Multiple-input adaptive seismic noise canceller for the attenuation of nonstationary coherent noise

Abstract

Attenuation of coherent noise, typically weather generated noise and more specifically swell noise, is a major concern in seismic. Such noise, usually characterized by its low-frequency content and high amplitudes, is a common problem in seismic acquisition and, in particular, for marine data. We propose a multiple-input adaptive noise canceller as a solution to attenuate nonstationary coherent noise. This filter uses multiple noise sequences to estimate the noise contained in each trace. This noise estimate is then subtracted to obtain an estimate of the trace whose coherent noise has been attenuated. For the implementation of the adaptive filter, we use a variable step-size normalized least mean squares algorithm, as it is known for its simplicity and robustness. In addition, we demonstrate that variable step-size is necessary for this filter to adapt to the changing statistics of the seismic data.
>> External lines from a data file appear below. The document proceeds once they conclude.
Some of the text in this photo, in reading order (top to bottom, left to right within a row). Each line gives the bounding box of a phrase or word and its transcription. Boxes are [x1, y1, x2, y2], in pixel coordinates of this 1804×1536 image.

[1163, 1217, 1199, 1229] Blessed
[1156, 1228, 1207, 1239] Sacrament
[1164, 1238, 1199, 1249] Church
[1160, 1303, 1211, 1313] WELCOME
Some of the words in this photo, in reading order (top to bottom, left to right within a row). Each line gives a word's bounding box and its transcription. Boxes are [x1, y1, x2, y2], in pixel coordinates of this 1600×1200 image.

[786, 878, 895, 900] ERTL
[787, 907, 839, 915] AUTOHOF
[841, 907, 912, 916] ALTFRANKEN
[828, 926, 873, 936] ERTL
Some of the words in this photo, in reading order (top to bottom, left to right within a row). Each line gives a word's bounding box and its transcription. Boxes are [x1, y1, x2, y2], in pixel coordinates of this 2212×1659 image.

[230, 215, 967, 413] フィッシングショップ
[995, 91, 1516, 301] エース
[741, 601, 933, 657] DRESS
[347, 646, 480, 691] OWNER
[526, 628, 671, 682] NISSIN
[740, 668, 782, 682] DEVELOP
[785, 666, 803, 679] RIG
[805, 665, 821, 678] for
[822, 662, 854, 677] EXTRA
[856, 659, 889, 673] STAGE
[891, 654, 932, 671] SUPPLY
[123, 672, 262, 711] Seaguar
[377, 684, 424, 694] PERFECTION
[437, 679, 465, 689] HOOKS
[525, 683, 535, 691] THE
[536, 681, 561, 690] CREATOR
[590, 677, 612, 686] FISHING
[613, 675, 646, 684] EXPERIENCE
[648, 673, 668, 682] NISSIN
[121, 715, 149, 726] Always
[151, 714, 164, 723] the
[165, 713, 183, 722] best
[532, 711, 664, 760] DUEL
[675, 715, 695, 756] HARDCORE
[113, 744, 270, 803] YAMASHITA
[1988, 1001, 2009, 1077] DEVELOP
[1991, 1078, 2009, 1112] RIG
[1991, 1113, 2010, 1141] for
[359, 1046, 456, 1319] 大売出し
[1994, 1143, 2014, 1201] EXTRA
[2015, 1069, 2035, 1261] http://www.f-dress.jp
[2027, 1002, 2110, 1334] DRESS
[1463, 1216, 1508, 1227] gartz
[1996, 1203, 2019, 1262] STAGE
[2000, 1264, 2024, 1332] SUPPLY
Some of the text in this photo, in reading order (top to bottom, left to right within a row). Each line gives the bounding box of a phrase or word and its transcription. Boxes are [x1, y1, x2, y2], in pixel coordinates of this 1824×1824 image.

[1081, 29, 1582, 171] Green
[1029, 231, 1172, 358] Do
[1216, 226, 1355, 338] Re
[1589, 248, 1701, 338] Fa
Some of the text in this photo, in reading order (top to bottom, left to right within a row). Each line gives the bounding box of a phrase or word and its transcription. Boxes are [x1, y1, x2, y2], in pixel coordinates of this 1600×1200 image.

This method is tested on real marine seismic data and compared to a time-frequency median filter and a second-order high-pass Butterworth filter. We demonstrate that the multiple-input adaptive noise canceller is a powerful and efficient filter to attenuate swell noise while preserving the seismic reflections. Depending on the noise configuration, it can be used either by itself or in combination with a time-frequency median filter to obtain the best results.